Dry Season (February to April):

  • Average temperature: 23-30°C
  • Average rainfall: 30-60mm/month

In contrast, the rainy season runs from October to January and can bring heavy rainfall and occasional flooding to Hoi An. While the city remains a beautiful destination during the rainy season, the unpredictable weather can make outdoor activities a little more difficult to plan. If you’re prepared for occasional showers and don’t mind the humidity, you can still enjoy your visit during this time.

Rainy Season (October to January):

  • Average temperature: 24-28°C
  • Average rainfall: 185-850mm/month

To make the most of your one day in Hoi An, I suggest planning your visit during the dry season, ideally between February and April. You’ll get to enjoy pleasant temperatures and lower humidity, perfect for exploring the city.

How to Get Around Hoi An

Walking is the best way to explore any city, and Hoi An is no different. As a pedestrian-friendly city, many of the central areas are off-limits to motorised traffic, which makes it a safe and enjoyable stroll. 

If you prefer a faster option, renting a bike is also a brilliant choice. You’ll probably be able to rent one from your hotel, or you can rent a bike here. Riding a bike enables you to cover more ground in less time, and Hoi An’s flat terrain makes it a breeze even for novice cyclists. 

For greater distances or when you’re in a hurry, taxis are readily available in Hoi An. When opting for a taxi, agree on a fare beforehand or ensure the driver uses the meter, so there are no surprises at the other end.

Cyclo's carrying passengers in Hoi An

For a bit of fun, hop on a cyclo (three-wheeled bicycle taxi) and let the driver take you around town. Negotiate a price before getting on, and keep in mind that this form of transportation is more about the experience than getting from point A to point B quickly.

Renting a motorbike is another fantastic option to explore Hoi An, especially if you’re an adventurer at heart! It allows you the freedom to discover hidden gems at your own pace. Plus, you’d be joining the locals’ preferred mode of travel, giving you a real taste of Vietnamese life. 

Cultural etiquette and useful local phrases

When visiting Hoi An, I recommending familiarising yourself with the local culture and customs.
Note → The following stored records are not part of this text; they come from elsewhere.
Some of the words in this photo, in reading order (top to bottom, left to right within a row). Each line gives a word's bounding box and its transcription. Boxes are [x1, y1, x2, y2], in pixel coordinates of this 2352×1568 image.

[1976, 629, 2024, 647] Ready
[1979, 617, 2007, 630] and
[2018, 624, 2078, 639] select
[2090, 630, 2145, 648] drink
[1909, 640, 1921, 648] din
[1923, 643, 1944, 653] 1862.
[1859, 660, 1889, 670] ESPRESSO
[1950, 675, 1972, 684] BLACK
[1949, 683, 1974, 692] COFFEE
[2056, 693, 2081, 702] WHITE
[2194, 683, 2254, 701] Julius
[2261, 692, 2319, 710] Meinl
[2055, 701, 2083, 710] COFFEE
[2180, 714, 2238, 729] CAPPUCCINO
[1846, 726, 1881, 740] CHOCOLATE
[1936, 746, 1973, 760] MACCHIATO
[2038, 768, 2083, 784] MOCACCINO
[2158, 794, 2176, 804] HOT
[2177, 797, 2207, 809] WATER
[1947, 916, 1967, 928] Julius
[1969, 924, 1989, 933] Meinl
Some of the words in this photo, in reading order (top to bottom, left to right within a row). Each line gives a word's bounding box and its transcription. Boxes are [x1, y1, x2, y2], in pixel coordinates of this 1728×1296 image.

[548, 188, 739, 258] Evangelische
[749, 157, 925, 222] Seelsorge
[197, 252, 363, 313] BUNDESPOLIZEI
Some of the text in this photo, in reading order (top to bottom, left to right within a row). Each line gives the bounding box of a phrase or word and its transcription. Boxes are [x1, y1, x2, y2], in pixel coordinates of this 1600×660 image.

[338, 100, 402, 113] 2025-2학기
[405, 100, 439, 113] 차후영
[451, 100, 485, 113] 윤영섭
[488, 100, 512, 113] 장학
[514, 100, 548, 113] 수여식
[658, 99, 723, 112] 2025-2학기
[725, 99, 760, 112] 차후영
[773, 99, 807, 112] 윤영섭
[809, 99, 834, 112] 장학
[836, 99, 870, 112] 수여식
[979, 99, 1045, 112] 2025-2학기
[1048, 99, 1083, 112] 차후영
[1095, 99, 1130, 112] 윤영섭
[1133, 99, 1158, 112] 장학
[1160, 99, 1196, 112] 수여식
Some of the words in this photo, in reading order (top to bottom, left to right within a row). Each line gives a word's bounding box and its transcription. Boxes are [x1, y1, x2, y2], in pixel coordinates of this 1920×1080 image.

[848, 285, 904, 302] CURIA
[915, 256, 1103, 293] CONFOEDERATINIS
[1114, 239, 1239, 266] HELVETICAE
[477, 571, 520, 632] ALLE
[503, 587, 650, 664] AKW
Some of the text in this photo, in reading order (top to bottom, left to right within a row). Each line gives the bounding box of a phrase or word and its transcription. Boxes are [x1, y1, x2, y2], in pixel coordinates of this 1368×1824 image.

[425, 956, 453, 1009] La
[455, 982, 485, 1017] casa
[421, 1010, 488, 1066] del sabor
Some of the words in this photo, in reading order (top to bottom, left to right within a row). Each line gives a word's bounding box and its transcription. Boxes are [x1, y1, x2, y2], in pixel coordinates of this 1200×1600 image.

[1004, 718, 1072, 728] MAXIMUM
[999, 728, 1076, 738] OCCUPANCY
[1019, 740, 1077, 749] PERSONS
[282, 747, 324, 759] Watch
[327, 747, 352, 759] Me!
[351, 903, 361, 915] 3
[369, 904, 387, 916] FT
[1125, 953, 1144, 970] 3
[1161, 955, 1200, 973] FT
Here are some key points to keep in mind.

Dress code: Remember to dress modestly when visiting temples, pagodas, or other religious sites. This generally means covering your shoulders and knees. A scarf can come in really handy for this purpose.

Shoes: Before entering a religious building or a local’s home, please remove your shoes. It is considered disrespectful to wear shoes indoors in Vietnam.

Greetings: A gentle handshake is the standard greeting among Vietnamese people. You might also notice them bringing their hands to their chest and bowing slightly. Don’t worry too much about it, as a nod of acknowledgment and a small smile will do just fine.

Understanding a few Vietnamese phrases can greatly enrich your experience in Hoi An. Here are some useful phrases to get you started:

Hello: Xin chào (sin chow)

Thank you: Cảm ơn (kam uhhn)

How much: Bao nhiêu? (bow nyew)

Excuse me: Xin lỗi (sin loy)

Yes: Có (kaw)

No: Không (khome)

In Hoi An, you’ll find that many locals speak a little English, especially in tourist areas. But, learning a few phrases in the local language will not only help you communicate better, but it will also show your respect for the culture and people of Hoi An. 

Remember to always ask for permission before taking photographs, especially when it comes to the local people. This little gesture shows cultural sensitivity and creates positive exchanges between visitors and locals.


1 day Hoi An Pinterest pin

Are you ready to spend one day in Hoi An? I hope this itinerary has given you a good idea of what to do and see in this charming city.

Hoi An really is a magical place, and I hope you’ll fall in love with it just as much as I did. Don’t be afraid to wander off the beaten path and get lost in its hidden alleyways and ancient temples. You never know what kind of adventure or new discovery awaits you!